What you will do: Ignoring the pictures, copy the data exactly.

Phrase grounding data
============================================================
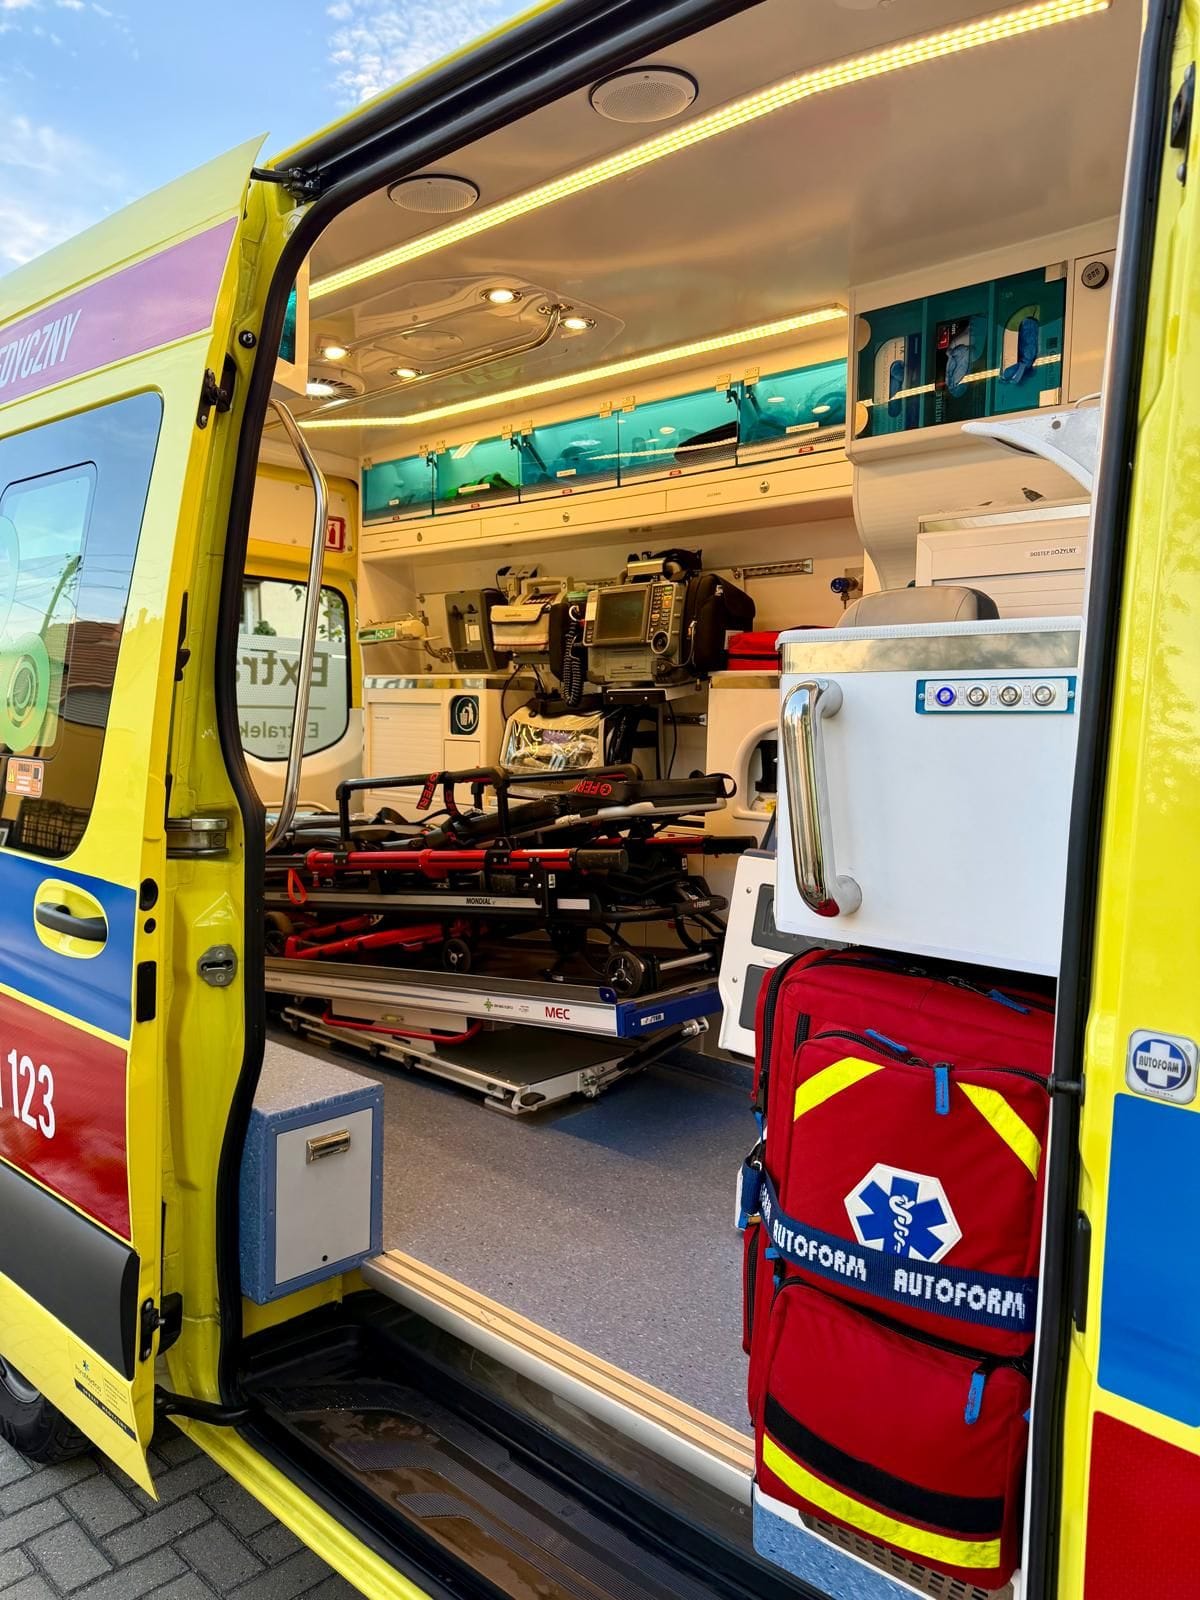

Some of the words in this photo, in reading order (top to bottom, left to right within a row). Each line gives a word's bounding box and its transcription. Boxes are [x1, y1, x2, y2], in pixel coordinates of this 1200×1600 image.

[465, 897, 491, 905] MONDIAL
[544, 1006, 571, 1020] MEC
[1139, 1055, 1179, 1073] AUTOFORM
[7, 1048, 56, 1139] 123
[773, 1219, 867, 1282] AUTOFORM
[893, 1269, 1026, 1320] AUTOFORM
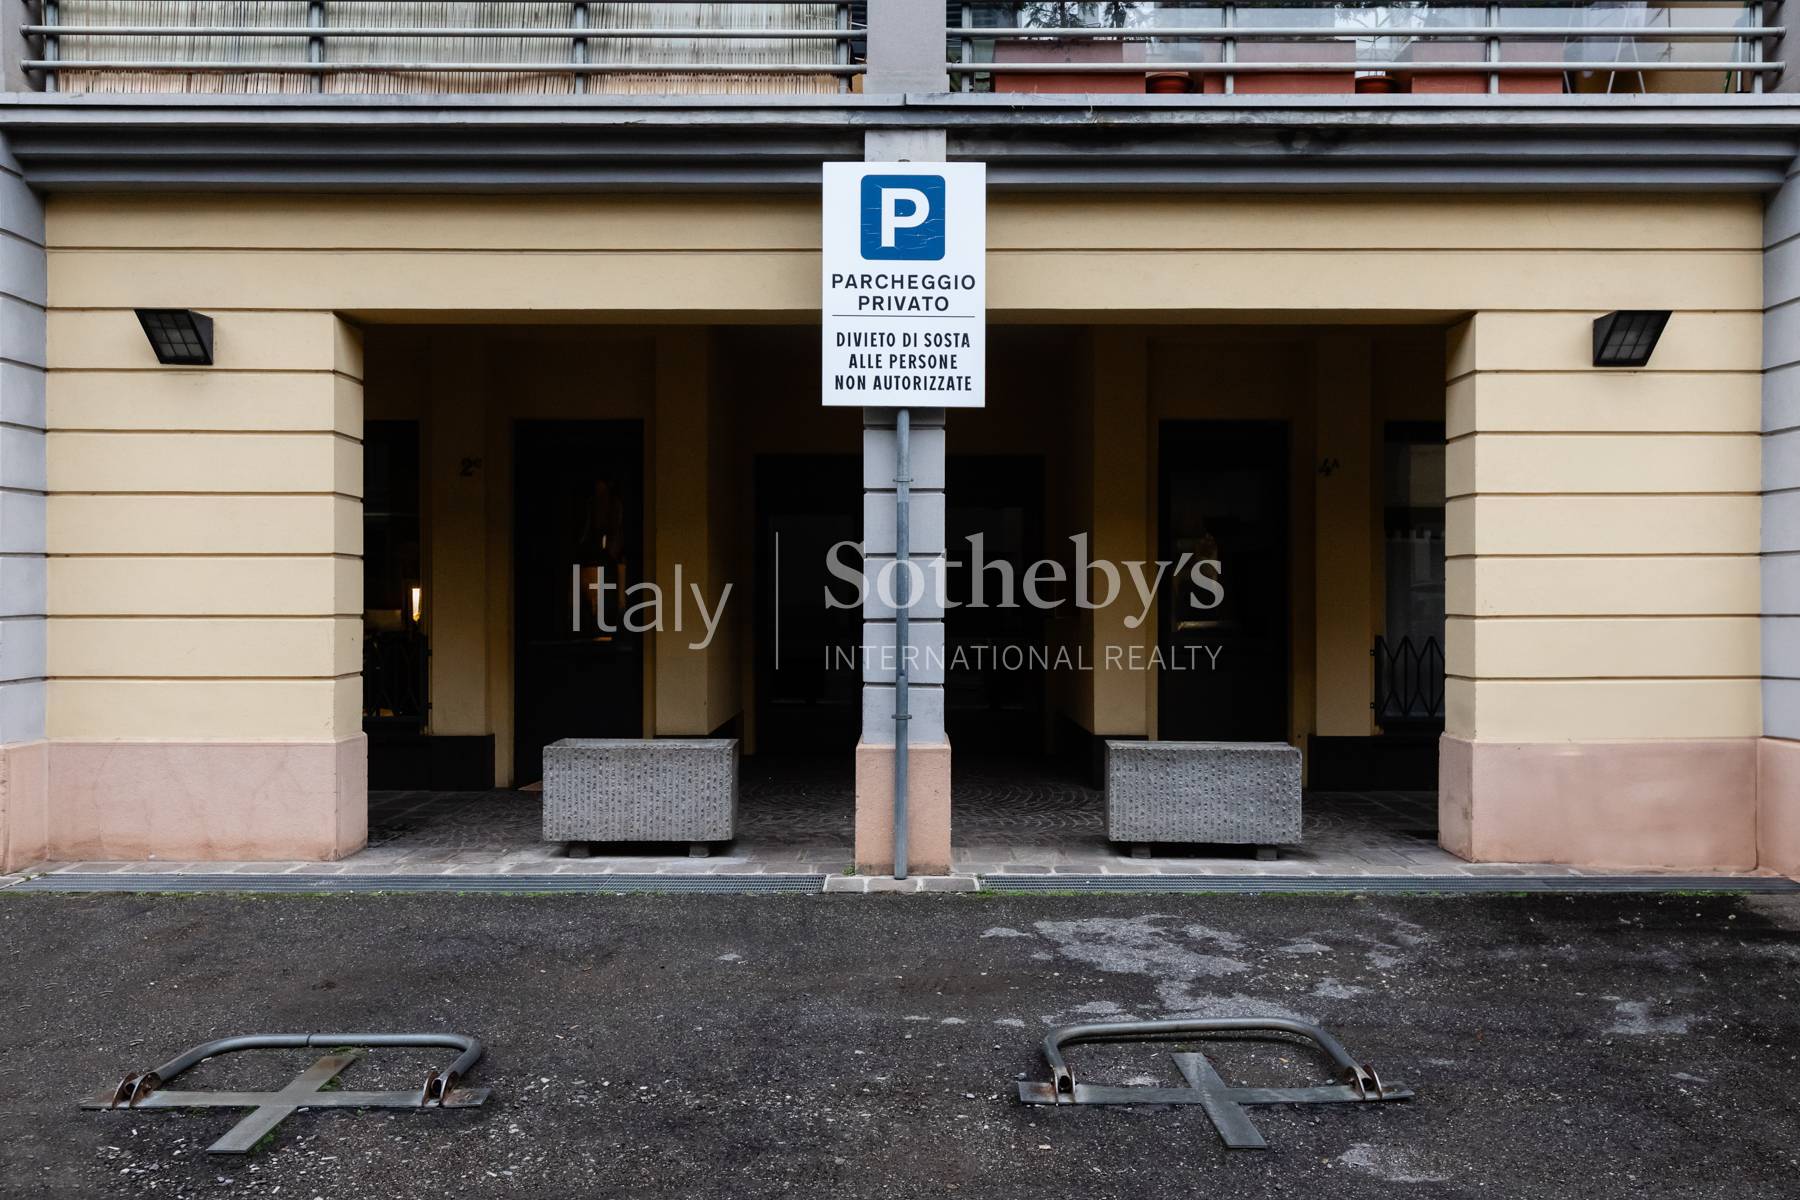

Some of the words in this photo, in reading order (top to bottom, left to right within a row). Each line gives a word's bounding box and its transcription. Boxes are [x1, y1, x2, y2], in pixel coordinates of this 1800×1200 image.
============================================================
Expected answer:
Some of the words in this photo, in reading order (top to bottom, left to right within a row). Each line gives a word's bounding box and its transcription. Boxes are [x1, y1, x2, y2], in pixel coordinates of this 1200×1600 image.

[465, 897, 491, 905] MONDIAL
[544, 1006, 571, 1020] MEC
[1139, 1055, 1179, 1073] AUTOFORM
[7, 1048, 56, 1139] 123
[773, 1219, 867, 1282] AUTOFORM
[893, 1269, 1026, 1320] AUTOFORM

Some of the words in this photo, in reading order (top to bottom, left to right within a row). Each line gives a word's bounding box and its transcription. Boxes are [x1, y1, x2, y2], in pixel coordinates of this 1800×1200 image.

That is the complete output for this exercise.